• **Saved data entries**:
▬▬▬

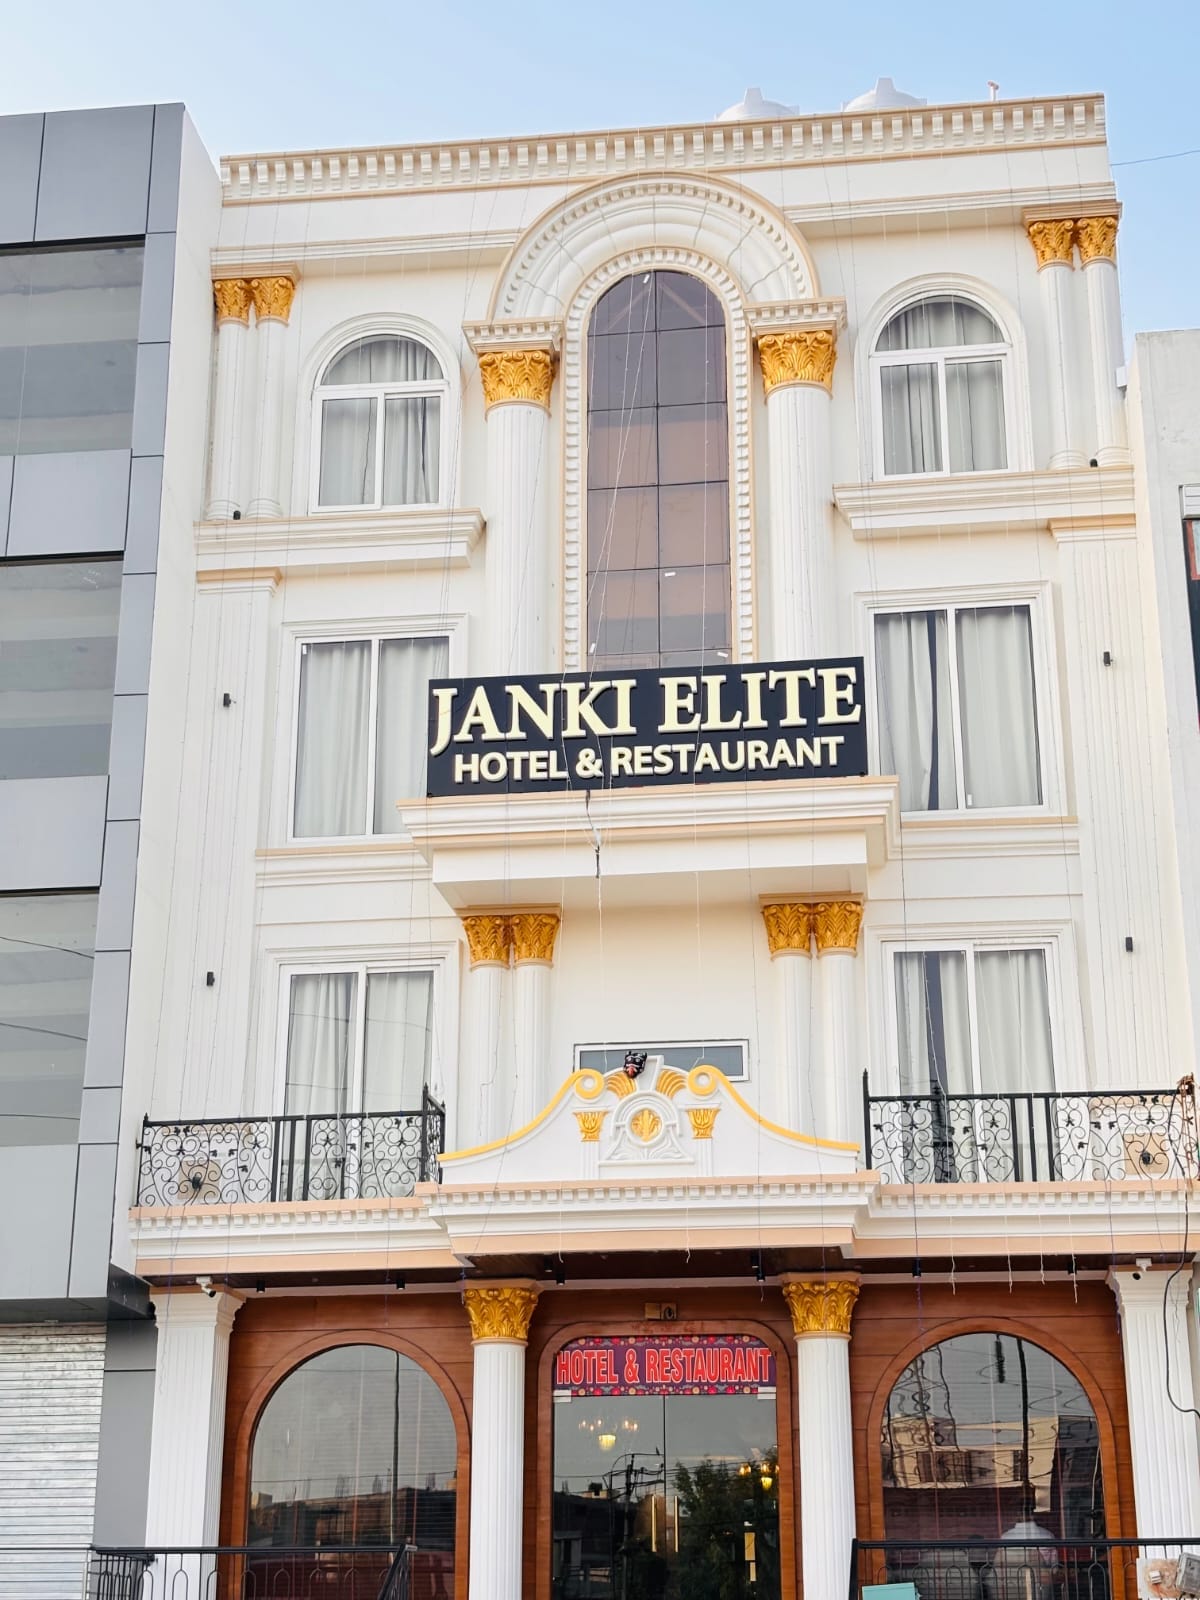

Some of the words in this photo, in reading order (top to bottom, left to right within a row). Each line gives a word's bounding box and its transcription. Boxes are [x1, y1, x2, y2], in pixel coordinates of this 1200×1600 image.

[430, 680, 637, 756] JANKI
[658, 667, 862, 733] ELITE
[455, 751, 567, 783] HOTEL
[575, 748, 604, 778] &
[612, 736, 844, 777] RESTAURANT
[556, 1350, 618, 1384] HOTEL
[624, 1349, 639, 1384] &
[645, 1347, 771, 1383] RESTAURANT

▬▬▬

• **Exercise instructions**: Reproduce the records, all of them, word for word; omit the pictures.

• **Problem solution**:
Some of the words in this photo, in reading order (top to bottom, left to right within a row). Each line gives a word's bounding box and its transcription. Boxes are [x1, y1, x2, y2], in pixel coordinates of this 1200×1600 image.

[430, 680, 637, 756] JANKI
[658, 667, 862, 733] ELITE
[455, 751, 567, 783] HOTEL
[575, 748, 604, 778] &
[612, 736, 844, 777] RESTAURANT
[556, 1350, 618, 1384] HOTEL
[624, 1349, 639, 1384] &
[645, 1347, 771, 1383] RESTAURANT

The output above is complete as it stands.